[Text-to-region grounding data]
BEGIN

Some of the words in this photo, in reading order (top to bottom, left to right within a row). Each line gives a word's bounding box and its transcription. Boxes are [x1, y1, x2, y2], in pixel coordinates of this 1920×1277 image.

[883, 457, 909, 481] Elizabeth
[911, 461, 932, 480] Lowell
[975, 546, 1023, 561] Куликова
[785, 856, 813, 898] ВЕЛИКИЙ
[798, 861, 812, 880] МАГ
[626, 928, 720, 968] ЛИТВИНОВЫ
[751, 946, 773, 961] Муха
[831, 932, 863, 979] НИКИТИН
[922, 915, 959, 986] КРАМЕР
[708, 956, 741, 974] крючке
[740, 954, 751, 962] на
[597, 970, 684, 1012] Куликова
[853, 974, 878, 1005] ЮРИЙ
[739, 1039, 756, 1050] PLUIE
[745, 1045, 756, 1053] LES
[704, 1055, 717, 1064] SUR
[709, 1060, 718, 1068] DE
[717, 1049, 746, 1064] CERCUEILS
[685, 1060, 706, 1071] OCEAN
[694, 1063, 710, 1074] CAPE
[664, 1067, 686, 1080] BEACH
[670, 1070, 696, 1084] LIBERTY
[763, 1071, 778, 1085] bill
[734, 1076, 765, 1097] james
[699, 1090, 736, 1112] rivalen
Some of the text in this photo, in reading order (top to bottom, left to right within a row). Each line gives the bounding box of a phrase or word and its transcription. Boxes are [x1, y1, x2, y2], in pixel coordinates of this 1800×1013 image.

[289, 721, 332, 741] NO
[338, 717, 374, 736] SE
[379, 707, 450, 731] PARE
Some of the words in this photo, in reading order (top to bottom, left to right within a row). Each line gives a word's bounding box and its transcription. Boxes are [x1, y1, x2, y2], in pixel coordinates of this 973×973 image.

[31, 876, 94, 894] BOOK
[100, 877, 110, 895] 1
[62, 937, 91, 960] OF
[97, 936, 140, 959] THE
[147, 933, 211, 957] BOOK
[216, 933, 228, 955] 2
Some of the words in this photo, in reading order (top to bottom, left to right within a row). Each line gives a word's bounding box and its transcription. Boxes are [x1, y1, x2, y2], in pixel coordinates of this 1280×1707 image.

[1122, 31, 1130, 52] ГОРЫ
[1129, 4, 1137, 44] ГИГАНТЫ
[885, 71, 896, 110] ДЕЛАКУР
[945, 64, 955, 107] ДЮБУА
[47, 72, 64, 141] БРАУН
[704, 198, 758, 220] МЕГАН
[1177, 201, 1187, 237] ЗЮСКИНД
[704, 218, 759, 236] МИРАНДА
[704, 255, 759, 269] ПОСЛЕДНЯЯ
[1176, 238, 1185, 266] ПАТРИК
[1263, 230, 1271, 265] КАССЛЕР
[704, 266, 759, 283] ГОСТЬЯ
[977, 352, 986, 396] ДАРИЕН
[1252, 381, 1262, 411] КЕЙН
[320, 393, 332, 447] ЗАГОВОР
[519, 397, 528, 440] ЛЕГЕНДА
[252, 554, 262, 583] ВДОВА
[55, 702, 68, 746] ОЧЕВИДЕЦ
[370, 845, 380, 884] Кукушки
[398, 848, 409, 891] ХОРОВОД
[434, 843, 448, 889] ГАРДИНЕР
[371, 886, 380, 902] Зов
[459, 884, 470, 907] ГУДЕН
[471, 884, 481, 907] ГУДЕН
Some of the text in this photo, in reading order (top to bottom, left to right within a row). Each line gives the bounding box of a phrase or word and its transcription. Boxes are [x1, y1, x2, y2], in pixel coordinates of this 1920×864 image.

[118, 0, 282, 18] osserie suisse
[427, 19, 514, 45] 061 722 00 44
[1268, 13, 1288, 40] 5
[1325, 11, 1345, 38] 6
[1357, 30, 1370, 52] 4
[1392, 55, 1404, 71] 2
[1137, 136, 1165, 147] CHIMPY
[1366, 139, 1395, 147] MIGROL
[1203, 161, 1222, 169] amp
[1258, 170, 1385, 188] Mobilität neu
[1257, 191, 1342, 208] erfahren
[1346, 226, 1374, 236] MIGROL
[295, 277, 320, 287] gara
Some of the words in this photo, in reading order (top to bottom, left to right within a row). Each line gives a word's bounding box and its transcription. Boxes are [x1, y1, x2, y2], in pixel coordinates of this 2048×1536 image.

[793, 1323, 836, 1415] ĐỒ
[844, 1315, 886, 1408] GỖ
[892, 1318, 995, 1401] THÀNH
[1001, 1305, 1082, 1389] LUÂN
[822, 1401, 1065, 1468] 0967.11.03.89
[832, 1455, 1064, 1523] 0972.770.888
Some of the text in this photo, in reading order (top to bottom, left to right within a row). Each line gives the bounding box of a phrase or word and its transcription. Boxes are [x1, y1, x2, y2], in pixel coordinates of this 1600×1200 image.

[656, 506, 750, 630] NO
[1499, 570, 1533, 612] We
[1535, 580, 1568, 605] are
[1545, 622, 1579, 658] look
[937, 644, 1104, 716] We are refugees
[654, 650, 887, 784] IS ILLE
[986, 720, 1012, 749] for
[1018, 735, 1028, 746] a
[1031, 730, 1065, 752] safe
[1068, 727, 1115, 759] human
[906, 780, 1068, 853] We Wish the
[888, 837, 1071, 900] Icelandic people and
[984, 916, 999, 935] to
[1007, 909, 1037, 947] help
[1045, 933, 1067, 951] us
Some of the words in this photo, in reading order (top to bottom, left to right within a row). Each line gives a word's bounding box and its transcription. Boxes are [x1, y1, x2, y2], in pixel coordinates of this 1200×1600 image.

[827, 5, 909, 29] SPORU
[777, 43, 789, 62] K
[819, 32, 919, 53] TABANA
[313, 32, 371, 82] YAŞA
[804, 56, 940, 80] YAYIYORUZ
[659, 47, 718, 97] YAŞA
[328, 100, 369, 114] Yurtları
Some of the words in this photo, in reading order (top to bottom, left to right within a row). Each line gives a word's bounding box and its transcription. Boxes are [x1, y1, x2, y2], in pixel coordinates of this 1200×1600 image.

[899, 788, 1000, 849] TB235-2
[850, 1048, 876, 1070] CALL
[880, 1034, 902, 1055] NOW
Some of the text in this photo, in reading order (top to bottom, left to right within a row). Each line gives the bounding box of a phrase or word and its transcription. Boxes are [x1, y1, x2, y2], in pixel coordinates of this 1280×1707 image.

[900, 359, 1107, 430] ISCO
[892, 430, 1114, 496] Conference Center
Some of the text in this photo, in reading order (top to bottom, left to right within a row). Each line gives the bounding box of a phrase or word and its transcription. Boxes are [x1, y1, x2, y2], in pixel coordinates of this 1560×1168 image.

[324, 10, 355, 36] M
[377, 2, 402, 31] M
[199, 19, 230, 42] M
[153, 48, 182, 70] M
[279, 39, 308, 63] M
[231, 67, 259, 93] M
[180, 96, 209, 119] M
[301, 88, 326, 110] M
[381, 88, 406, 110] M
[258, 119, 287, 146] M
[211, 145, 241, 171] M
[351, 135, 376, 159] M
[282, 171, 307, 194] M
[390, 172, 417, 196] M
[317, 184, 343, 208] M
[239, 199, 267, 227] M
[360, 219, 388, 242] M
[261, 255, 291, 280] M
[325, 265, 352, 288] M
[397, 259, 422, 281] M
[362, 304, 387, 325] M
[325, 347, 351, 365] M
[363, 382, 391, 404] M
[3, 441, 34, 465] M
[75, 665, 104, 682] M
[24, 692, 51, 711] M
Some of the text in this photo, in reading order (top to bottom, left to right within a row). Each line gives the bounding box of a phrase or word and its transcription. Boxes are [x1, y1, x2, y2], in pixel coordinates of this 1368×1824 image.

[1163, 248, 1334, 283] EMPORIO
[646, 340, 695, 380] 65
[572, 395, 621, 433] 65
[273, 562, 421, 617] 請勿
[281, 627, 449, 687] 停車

END

WHAT TO PRODUCE:
Would you please transcribe the records above in full and exactly?

ANSWER TO THE EXERCISE:
Some of the words in this photo, in reading order (top to bottom, left to right within a row). Each line gives a word's bounding box and its transcription. Boxes are [x1, y1, x2, y2], in pixel coordinates of this 1920×1277 image.

[883, 457, 909, 481] Elizabeth
[911, 461, 932, 480] Lowell
[975, 546, 1023, 561] Куликова
[785, 856, 813, 898] ВЕЛИКИЙ
[798, 861, 812, 880] МАГ
[626, 928, 720, 968] ЛИТВИНОВЫ
[751, 946, 773, 961] Муха
[831, 932, 863, 979] НИКИТИН
[922, 915, 959, 986] КРАМЕР
[708, 956, 741, 974] крючке
[740, 954, 751, 962] на
[597, 970, 684, 1012] Куликова
[853, 974, 878, 1005] ЮРИЙ
[739, 1039, 756, 1050] PLUIE
[745, 1045, 756, 1053] LES
[704, 1055, 717, 1064] SUR
[709, 1060, 718, 1068] DE
[717, 1049, 746, 1064] CERCUEILS
[685, 1060, 706, 1071] OCEAN
[694, 1063, 710, 1074] CAPE
[664, 1067, 686, 1080] BEACH
[670, 1070, 696, 1084] LIBERTY
[763, 1071, 778, 1085] bill
[734, 1076, 765, 1097] james
[699, 1090, 736, 1112] rivalen
Some of the text in this photo, in reading order (top to bottom, left to right within a row). Each line gives the bounding box of a phrase or word and its transcription. Boxes are [x1, y1, x2, y2], in pixel coordinates of this 1800×1013 image.

[289, 721, 332, 741] NO
[338, 717, 374, 736] SE
[379, 707, 450, 731] PARE
Some of the words in this photo, in reading order (top to bottom, left to right within a row). Each line gives a word's bounding box and its transcription. Boxes are [x1, y1, x2, y2], in pixel coordinates of this 973×973 image.

[31, 876, 94, 894] BOOK
[100, 877, 110, 895] 1
[62, 937, 91, 960] OF
[97, 936, 140, 959] THE
[147, 933, 211, 957] BOOK
[216, 933, 228, 955] 2
Some of the words in this photo, in reading order (top to bottom, left to right within a row). Each line gives a word's bounding box and its transcription. Boxes are [x1, y1, x2, y2], in pixel coordinates of this 1280×1707 image.

[1122, 31, 1130, 52] ГОРЫ
[1129, 4, 1137, 44] ГИГАНТЫ
[885, 71, 896, 110] ДЕЛАКУР
[945, 64, 955, 107] ДЮБУА
[47, 72, 64, 141] БРАУН
[704, 198, 758, 220] МЕГАН
[1177, 201, 1187, 237] ЗЮСКИНД
[704, 218, 759, 236] МИРАНДА
[704, 255, 759, 269] ПОСЛЕДНЯЯ
[1176, 238, 1185, 266] ПАТРИК
[1263, 230, 1271, 265] КАССЛЕР
[704, 266, 759, 283] ГОСТЬЯ
[977, 352, 986, 396] ДАРИЕН
[1252, 381, 1262, 411] КЕЙН
[320, 393, 332, 447] ЗАГОВОР
[519, 397, 528, 440] ЛЕГЕНДА
[252, 554, 262, 583] ВДОВА
[55, 702, 68, 746] ОЧЕВИДЕЦ
[370, 845, 380, 884] Кукушки
[398, 848, 409, 891] ХОРОВОД
[434, 843, 448, 889] ГАРДИНЕР
[371, 886, 380, 902] Зов
[459, 884, 470, 907] ГУДЕН
[471, 884, 481, 907] ГУДЕН
Some of the text in this photo, in reading order (top to bottom, left to right within a row). Each line gives the bounding box of a phrase or word and its transcription. Boxes are [x1, y1, x2, y2], in pixel coordinates of this 1920×864 image.

[118, 0, 282, 18] osserie suisse
[427, 19, 514, 45] 061 722 00 44
[1268, 13, 1288, 40] 5
[1325, 11, 1345, 38] 6
[1357, 30, 1370, 52] 4
[1392, 55, 1404, 71] 2
[1137, 136, 1165, 147] CHIMPY
[1366, 139, 1395, 147] MIGROL
[1203, 161, 1222, 169] amp
[1258, 170, 1385, 188] Mobilität neu
[1257, 191, 1342, 208] erfahren
[1346, 226, 1374, 236] MIGROL
[295, 277, 320, 287] gara
Some of the words in this photo, in reading order (top to bottom, left to right within a row). Each line gives a word's bounding box and its transcription. Boxes are [x1, y1, x2, y2], in pixel coordinates of this 2048×1536 image.

[793, 1323, 836, 1415] ĐỒ
[844, 1315, 886, 1408] GỖ
[892, 1318, 995, 1401] THÀNH
[1001, 1305, 1082, 1389] LUÂN
[822, 1401, 1065, 1468] 0967.11.03.89
[832, 1455, 1064, 1523] 0972.770.888
Some of the text in this photo, in reading order (top to bottom, left to right within a row). Each line gives the bounding box of a phrase or word and its transcription. Boxes are [x1, y1, x2, y2], in pixel coordinates of this 1600×1200 image.

[656, 506, 750, 630] NO
[1499, 570, 1533, 612] We
[1535, 580, 1568, 605] are
[1545, 622, 1579, 658] look
[937, 644, 1104, 716] We are refugees
[654, 650, 887, 784] IS ILLE
[986, 720, 1012, 749] for
[1018, 735, 1028, 746] a
[1031, 730, 1065, 752] safe
[1068, 727, 1115, 759] human
[906, 780, 1068, 853] We Wish the
[888, 837, 1071, 900] Icelandic people and
[984, 916, 999, 935] to
[1007, 909, 1037, 947] help
[1045, 933, 1067, 951] us
Some of the words in this photo, in reading order (top to bottom, left to right within a row). Each line gives a word's bounding box and its transcription. Boxes are [x1, y1, x2, y2], in pixel coordinates of this 1200×1600 image.

[827, 5, 909, 29] SPORU
[777, 43, 789, 62] K
[819, 32, 919, 53] TABANA
[313, 32, 371, 82] YAŞA
[804, 56, 940, 80] YAYIYORUZ
[659, 47, 718, 97] YAŞA
[328, 100, 369, 114] Yurtları
Some of the words in this photo, in reading order (top to bottom, left to right within a row). Each line gives a word's bounding box and its transcription. Boxes are [x1, y1, x2, y2], in pixel coordinates of this 1200×1600 image.

[899, 788, 1000, 849] TB235-2
[850, 1048, 876, 1070] CALL
[880, 1034, 902, 1055] NOW
Some of the text in this photo, in reading order (top to bottom, left to right within a row). Each line gives the bounding box of a phrase or word and its transcription. Boxes are [x1, y1, x2, y2], in pixel coordinates of this 1280×1707 image.

[900, 359, 1107, 430] ISCO
[892, 430, 1114, 496] Conference Center
Some of the text in this photo, in reading order (top to bottom, left to right within a row). Each line gives the bounding box of a phrase or word and its transcription. Boxes are [x1, y1, x2, y2], in pixel coordinates of this 1560×1168 image.

[324, 10, 355, 36] M
[377, 2, 402, 31] M
[199, 19, 230, 42] M
[153, 48, 182, 70] M
[279, 39, 308, 63] M
[231, 67, 259, 93] M
[180, 96, 209, 119] M
[301, 88, 326, 110] M
[381, 88, 406, 110] M
[258, 119, 287, 146] M
[211, 145, 241, 171] M
[351, 135, 376, 159] M
[282, 171, 307, 194] M
[390, 172, 417, 196] M
[317, 184, 343, 208] M
[239, 199, 267, 227] M
[360, 219, 388, 242] M
[261, 255, 291, 280] M
[325, 265, 352, 288] M
[397, 259, 422, 281] M
[362, 304, 387, 325] M
[325, 347, 351, 365] M
[363, 382, 391, 404] M
[3, 441, 34, 465] M
[75, 665, 104, 682] M
[24, 692, 51, 711] M
Some of the text in this photo, in reading order (top to bottom, left to right within a row). Each line gives the bounding box of a phrase or word and its transcription. Boxes are [x1, y1, x2, y2], in pixel coordinates of this 1368×1824 image.

[1163, 248, 1334, 283] EMPORIO
[646, 340, 695, 380] 65
[572, 395, 621, 433] 65
[273, 562, 421, 617] 請勿
[281, 627, 449, 687] 停車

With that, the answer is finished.